I will admit, because I grew up with advertisements, I feel as though I have to get a paler skin and skinnier. It doesn't help that movies and TV shows also reinforce that certain body type and it's difficult to become confident about my body type. But I do realize more people are complaining about how skinny those models (that are most likely digitally enhanced) that they get disgusted. It also doesn't help when the BMI isn't very useful knowing if a person is healthy. I have friends that just have a fast metabolism and they try to gain weight but they can't. My brother is "overweight" but that's because he does a lot of sports throughout the whole year.

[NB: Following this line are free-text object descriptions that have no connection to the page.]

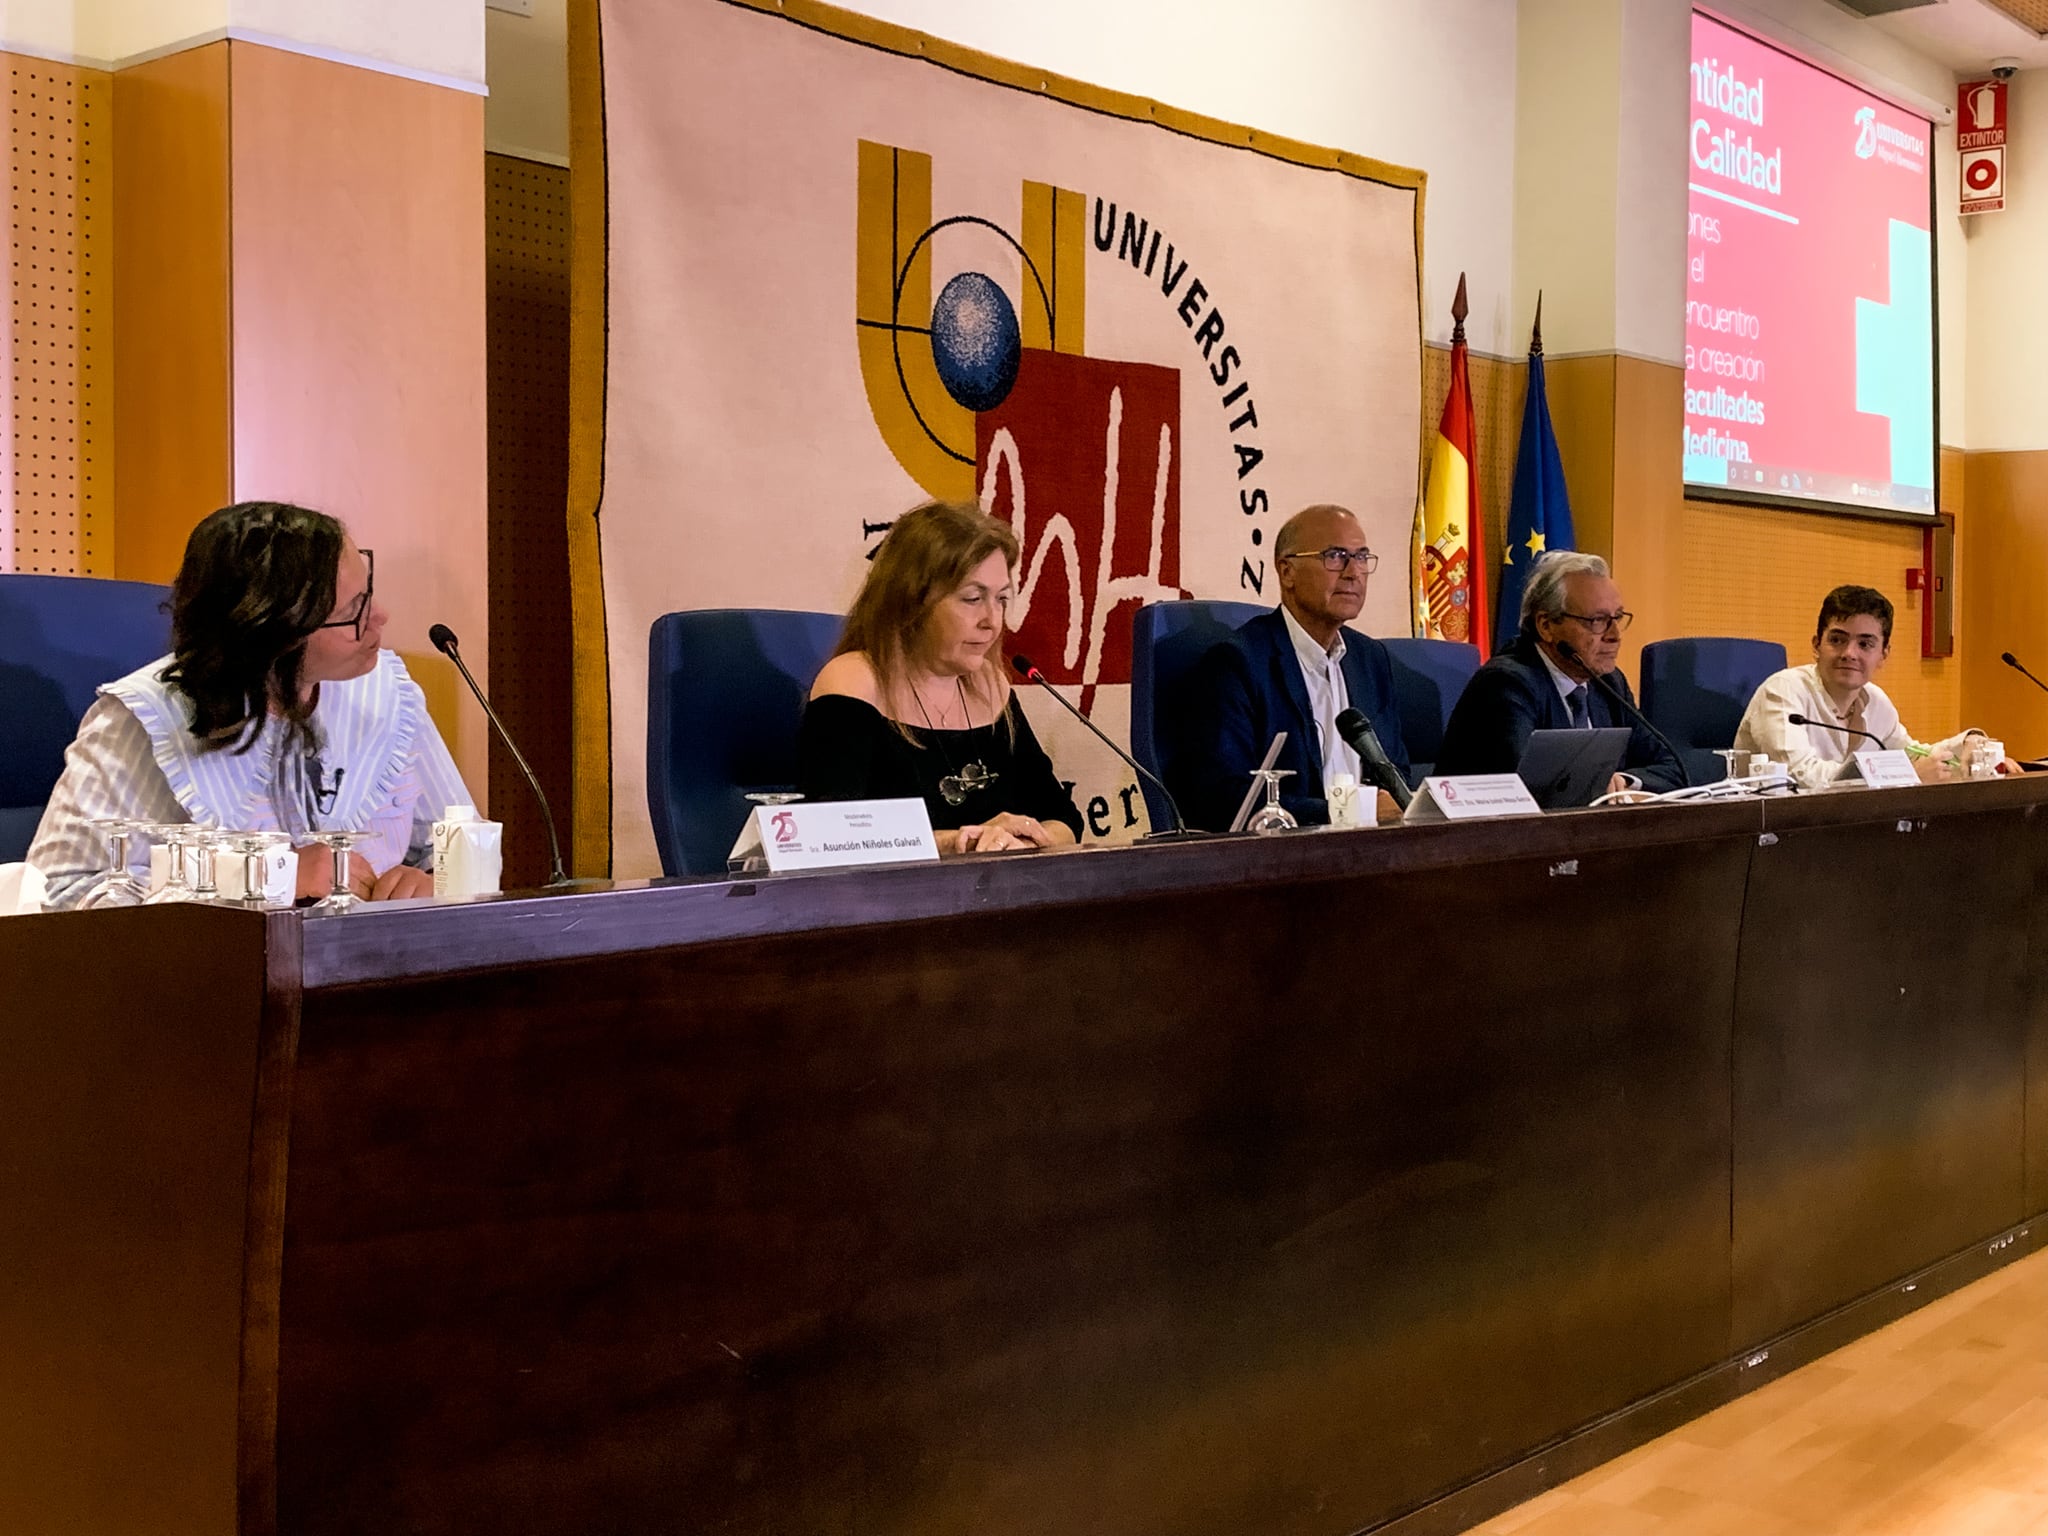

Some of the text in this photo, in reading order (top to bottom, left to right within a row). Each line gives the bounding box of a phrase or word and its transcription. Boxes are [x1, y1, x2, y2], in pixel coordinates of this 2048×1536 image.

[1691, 118, 1781, 195] Calidad
[1960, 130, 2004, 147] EXTINTOR
[1691, 250, 1704, 283] el
[1094, 197, 1269, 516] UNIVERSITAS
[1684, 380, 1764, 425] acultades
[823, 841, 861, 852] Asunción
[862, 838, 893, 850] Niñoles

When it video comments about plastic surgery and the "ideal" body image for a girl, I was thinking about how in Korea, it's a common thing to get plastic surgery. Especially for the eyelids to make the eyes look bigger and sometimes the nose so there could be a bridge. Both of those characteristics seem very Caucasian to me and I feel as though Asia's ideal beauty lies in Caucasian characteristics. And sadly enough, in Korea, looks do matter. It gives you a higher chance to get a good steady job. For people who want to become celebrities in Korea, even if you have a talent in singing or acting, if you don't look good, you usually won't get picked by the company. If Korea was so judgmental on appearances, it's no wonder that it has one of the highest rates for cosmetic plastic surgery and plastic surgery is a cultural norm. In my opinion, I would only accept plastic surgery if it's for health concerns such as burn victims.
In Asia, using celebrities (even American celebrities) are commonly used for advertising. If Asian celebrities are commonly known for their plastic surgery, it makes sense that the cultural ideal of beauty is hit extremely hard. Even though it's mostly girls that get cosmetic surgeries, many of the men do it too in Korea.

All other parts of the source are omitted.